# Kontakt Issues



## PaxJupp (Jun 20, 2022)

Hi There. I've been trying to solve this issue on my own for the past few weeks, researching, looking through this forum and on google, but nothing seems to help. I am losing my mind! 

Anytime I try to use Kontakt 6.7 and 6.7.1 in logic pro 10.4.6 I get the spinning wheel of death and it doesn't load, logic pro ends up being unresponsive and I have to force quit. On the rare occasion, Kontakt does successfully load, it will work for a bit and then freeze and then logic pro will quit unexpectedly or I will have to force quit and have to press the power button on the back of my iMac to reboot. 

Troubleshooting steps I've tried:

1. Installing different versions of Kontakt 6 - 6.5.3 seems to be the only one that consistently worked for a while, but I had to upgrade as some libraries wouldn't work without the newer version of Kontakt. But even Kontakt 6.5.3 froze after a while.
2. I've tried deleting the kontaktdb2_56 file as some have suggested and restarting, but that doesn't solve anything. I've also deleted all Kontakt files and done a fresh install and still no fix. 
3. I've also tried installing different versions of logic pro x as well, but that didn't solve anything. I've cleaned my system, looked for malware, deleted a bunch of junk, and made sure I have enough space, and still, the problem persists. 
4. My computer is not making any loud sounds, it loads up and starts fine, no slowness or weirdness there, no error screens, etc. No other application freezes except logic pro and Kontakt. 
5. The same issue happens when I try to load the standalone Kontakt version as well, the beach ball/spinning wheel of death gets stuck for eternity, and I have to force quit. 

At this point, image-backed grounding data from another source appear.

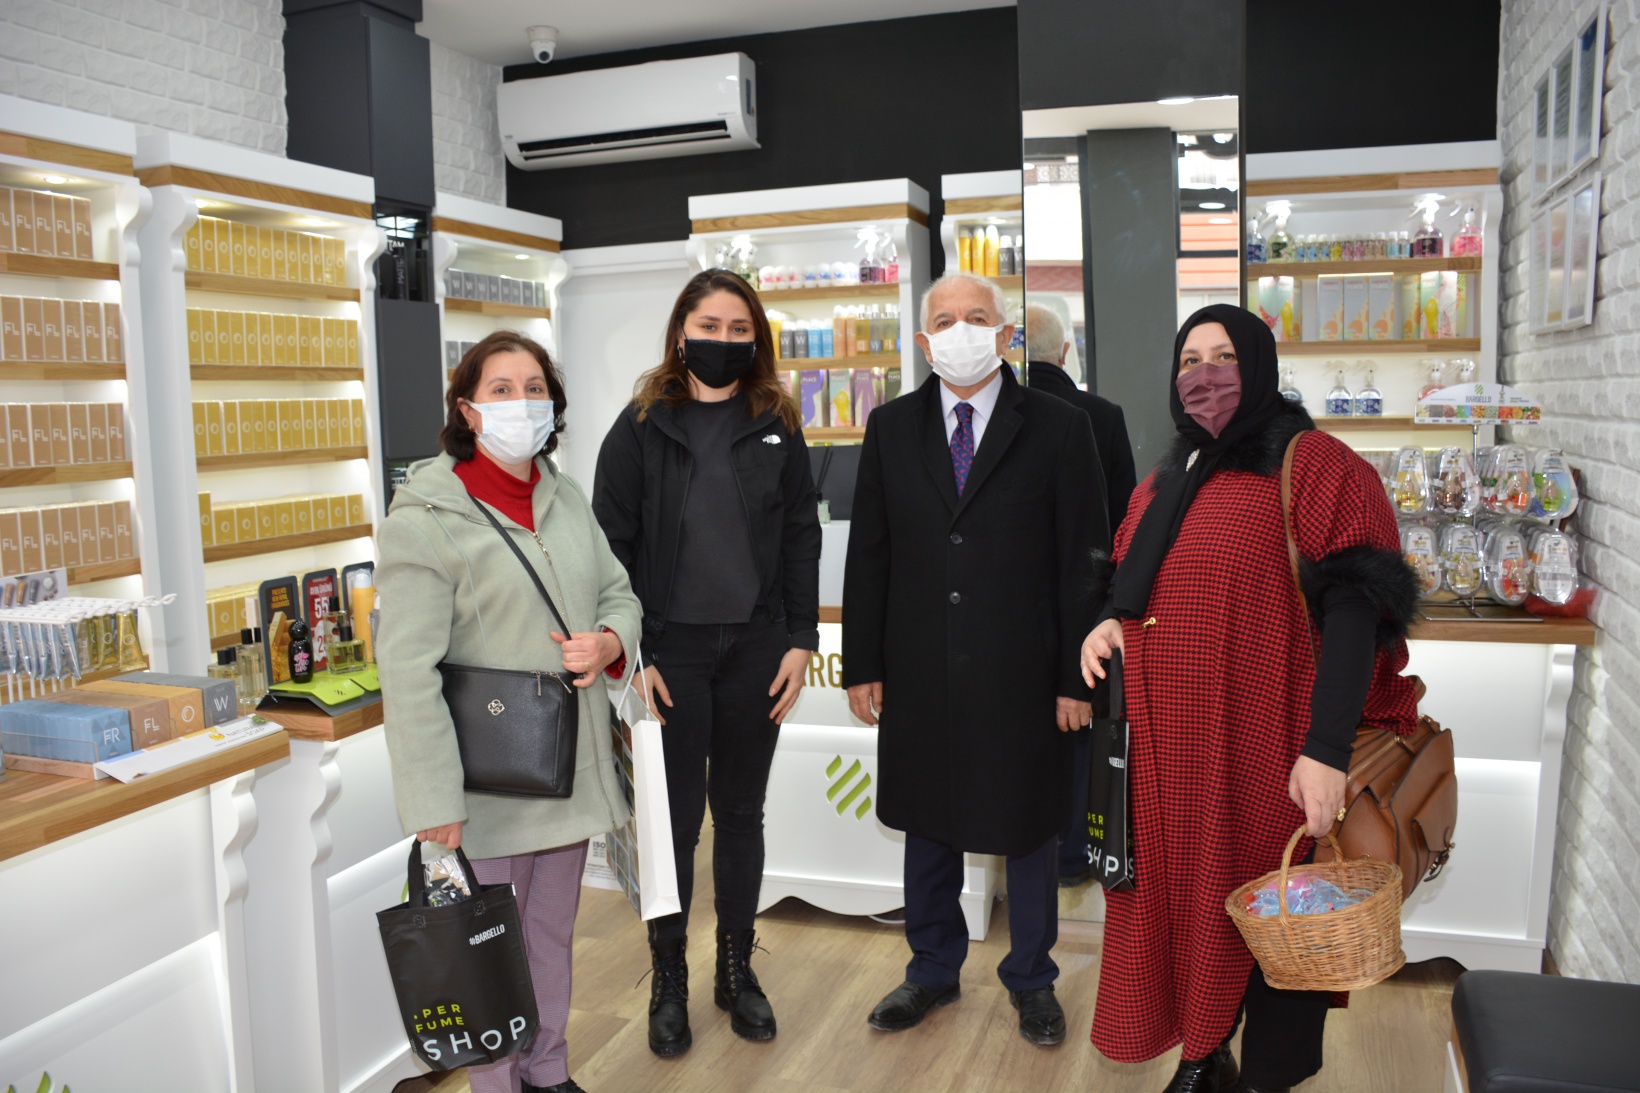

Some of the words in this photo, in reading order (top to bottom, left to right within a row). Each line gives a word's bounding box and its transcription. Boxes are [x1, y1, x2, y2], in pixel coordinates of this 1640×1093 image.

[17, 214, 31, 229] FL
[36, 217, 51, 232] FL
[57, 220, 71, 234] FL
[76, 222, 90, 237] FL
[999, 253, 1009, 262] W
[4, 321, 19, 335] FL
[26, 323, 41, 337] FL
[46, 324, 60, 337] FL
[66, 325, 80, 338] FL
[85, 325, 99, 338] FL
[107, 327, 119, 339] FL
[781, 337, 791, 346] W
[795, 336, 806, 345] W
[12, 430, 27, 442] FL
[34, 429, 48, 442] FL
[53, 428, 67, 441] FL
[72, 427, 86, 440] FL
[91, 427, 105, 439] FL
[110, 426, 122, 439] FL
[82, 529, 95, 541] FL
[101, 527, 113, 539] FL
[117, 524, 130, 537] FL
[24, 536, 38, 549] FL
[45, 533, 58, 546] FL
[63, 531, 77, 544] FL
[2, 538, 17, 551] FL
[802, 652, 843, 689] RG
[213, 695, 229, 712] W
[144, 717, 160, 733] FL
[103, 727, 120, 745] FR
[1088, 826, 1104, 840] UME
[469, 923, 506, 946] #BARGELLO
[415, 1016, 465, 1034] FUME
[423, 1016, 528, 1061] SHOP
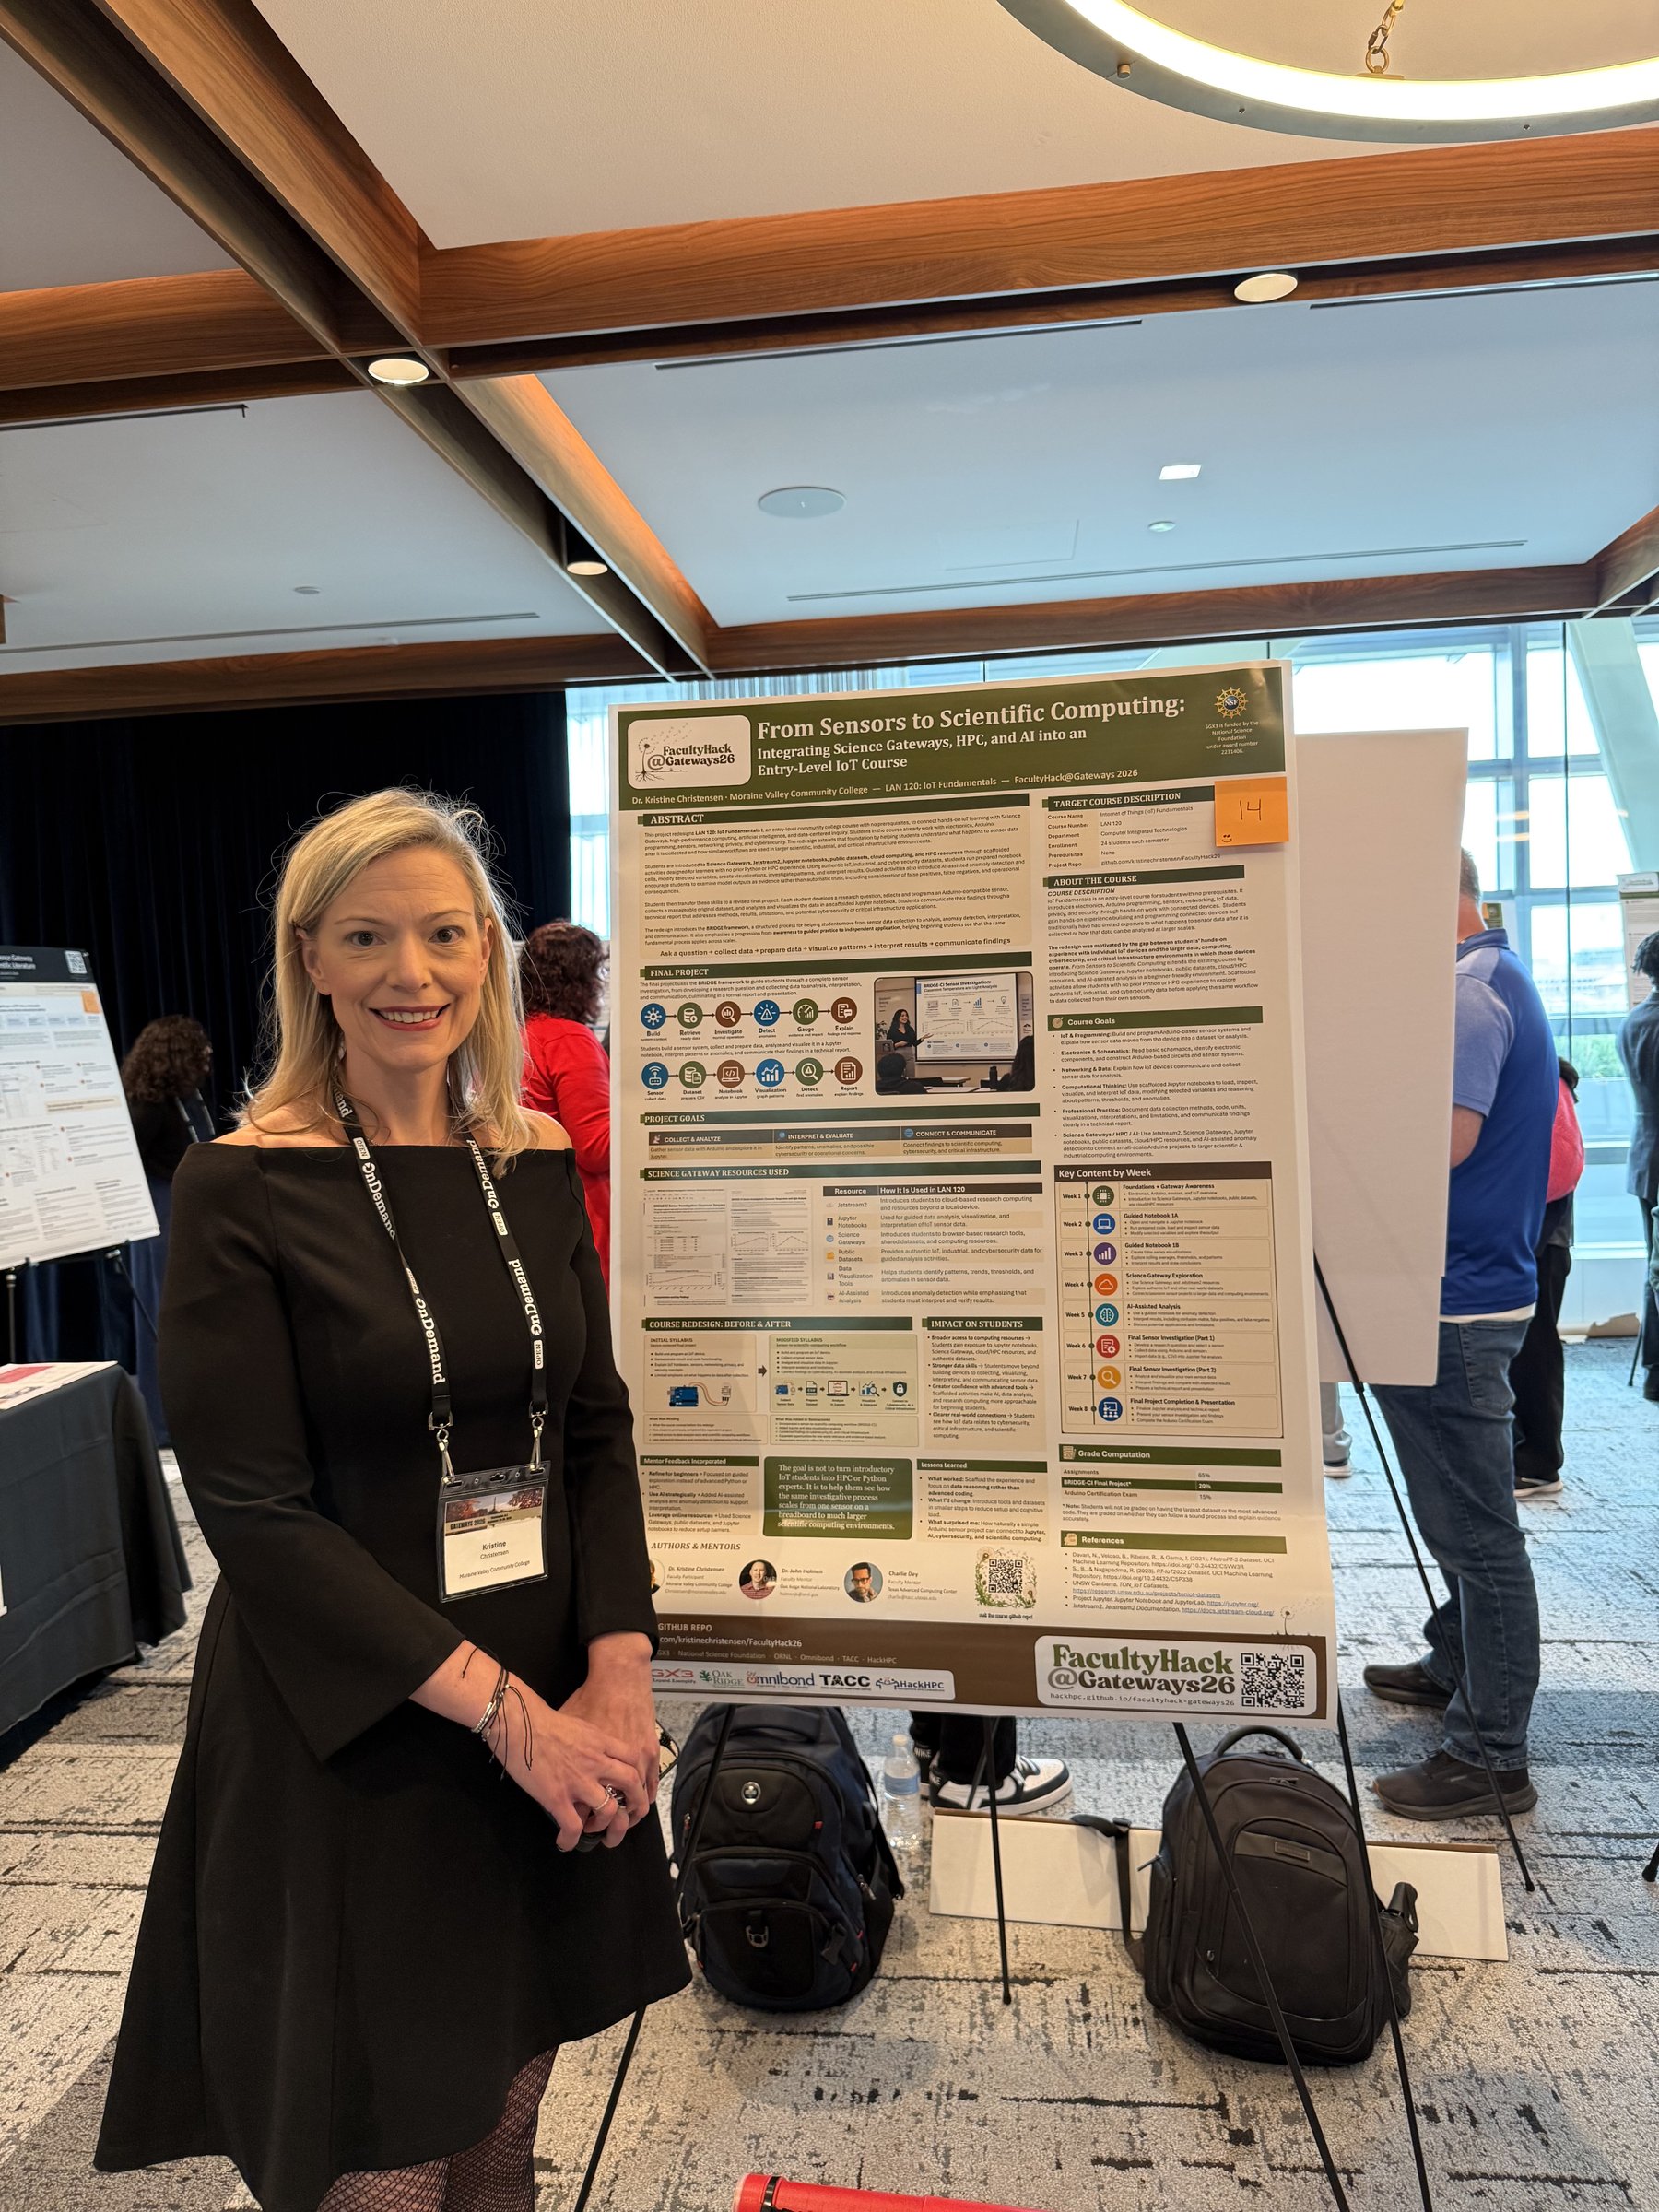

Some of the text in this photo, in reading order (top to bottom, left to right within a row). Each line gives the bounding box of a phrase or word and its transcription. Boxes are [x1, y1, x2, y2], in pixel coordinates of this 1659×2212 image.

[758, 696, 1184, 739] From Sensors to Scientific Computing:
[663, 743, 732, 758] FacultyHack
[758, 729, 1086, 760] Integrating Science Gateways, HPC, and AI into an
[647, 752, 735, 770] @Gateways26
[758, 758, 907, 777] Entry-Level IoT Course
[645, 795, 675, 804] Kristine
[729, 792, 762, 800] Moraine
[764, 790, 789, 799] Valley
[790, 787, 837, 797] Community
[838, 786, 867, 794] College
[885, 783, 901, 792] LAN
[903, 782, 921, 790] 120:
[924, 781, 936, 789] IoT
[938, 777, 996, 788] Fundamentals
[1014, 771, 1114, 783] FacultyHack@Gateways
[1116, 769, 1137, 777] 2026
[1053, 792, 1180, 807] TARGET COURSE DESCRIPTION
[1239, 798, 1262, 821] 14
[650, 814, 703, 824] ABSTRACT
[1053, 877, 1083, 886] ABOUT
[1103, 875, 1136, 883] COURSE
[675, 968, 708, 976] PROJECT
[796, 1026, 814, 1034] Gauge
[356, 1139, 368, 1158] OPEN
[681, 1169, 720, 1177] GATEWAY
[722, 1168, 767, 1176] RESOURCES
[1059, 1168, 1151, 1179] Key Content by Week
[495, 1214, 506, 1233] OPEN
[508, 1259, 543, 1336] OnDemand
[415, 1297, 446, 1385] OnDemand
[1101, 1450, 1150, 1458] Computation
[792, 1465, 806, 1475] goal
[852, 1465, 894, 1476] introductory
[482, 1540, 507, 1551] Kristine
[1081, 1535, 1124, 1544] References
[480, 1549, 510, 1559] Christensen
[459, 1571, 477, 1579] Moraine
[490, 1563, 514, 1573] Community
[514, 1559, 530, 1569] College
[657, 1622, 712, 1631] GITHUB REPO
[660, 1636, 802, 1647] com/kristinechristensen/FacultyHack26
[1053, 1644, 1233, 1676] FacultyHack
[651, 1668, 694, 1678] GX3
[712, 1670, 733, 1678] OAK
[712, 1677, 743, 1686] RIDGE
[819, 1674, 871, 1688] TACC
[900, 1680, 944, 1689] HackHPC
[1047, 1667, 1235, 1695] @Gateways26
[1050, 1693, 1234, 1706] hackhpc.github.io/facultyhack-gateways26

I've uploaded 2 screenshots of my iMac computer specs below. Everything else on my computer works fine, it just seems to be Kontakt that is causing the issue. I can use any other vst instrument and effect plugin in logic with no problems.

Any and all help would be much appreciated, as I no longer know what to do.


----------



## Sophus (Jun 22, 2022)

I have a similar problem, but with Windows 10 as an operating system. It works, if I run Kontakt standalone or my DAW in Windows 8 compatibility mode, otherwise it crashes. The VST3 version doesn't work at all. I created a thread about this problem at the NI forum. There is also a thread by another user using Mac OS.









Kontakt 6.7.1 only runs in compatibility mode and otherwise crashes. Does anyone have an idea?


NI Support sent me Version 6.7.0, but it doesn't help. Did anyone encounter such a problem and has an idea would could be the cause?




community.native-instruments.com













Kontakt player 6.7.1 crash on startup


Anybody having trouble with Kontakt player 6.7.1 crashing on start up ?




community.native-instruments.com


----------



## ssnowe (Jun 22, 2022)

Does Kontakt run okay outside of logic?


----------



## gamma-ut (Jun 22, 2022)

My guess – and I've not had this happen to me directly – is that it's accessing some preferences file on startup that isn't a core Kontakt file and one of them is not accessible or corrupt.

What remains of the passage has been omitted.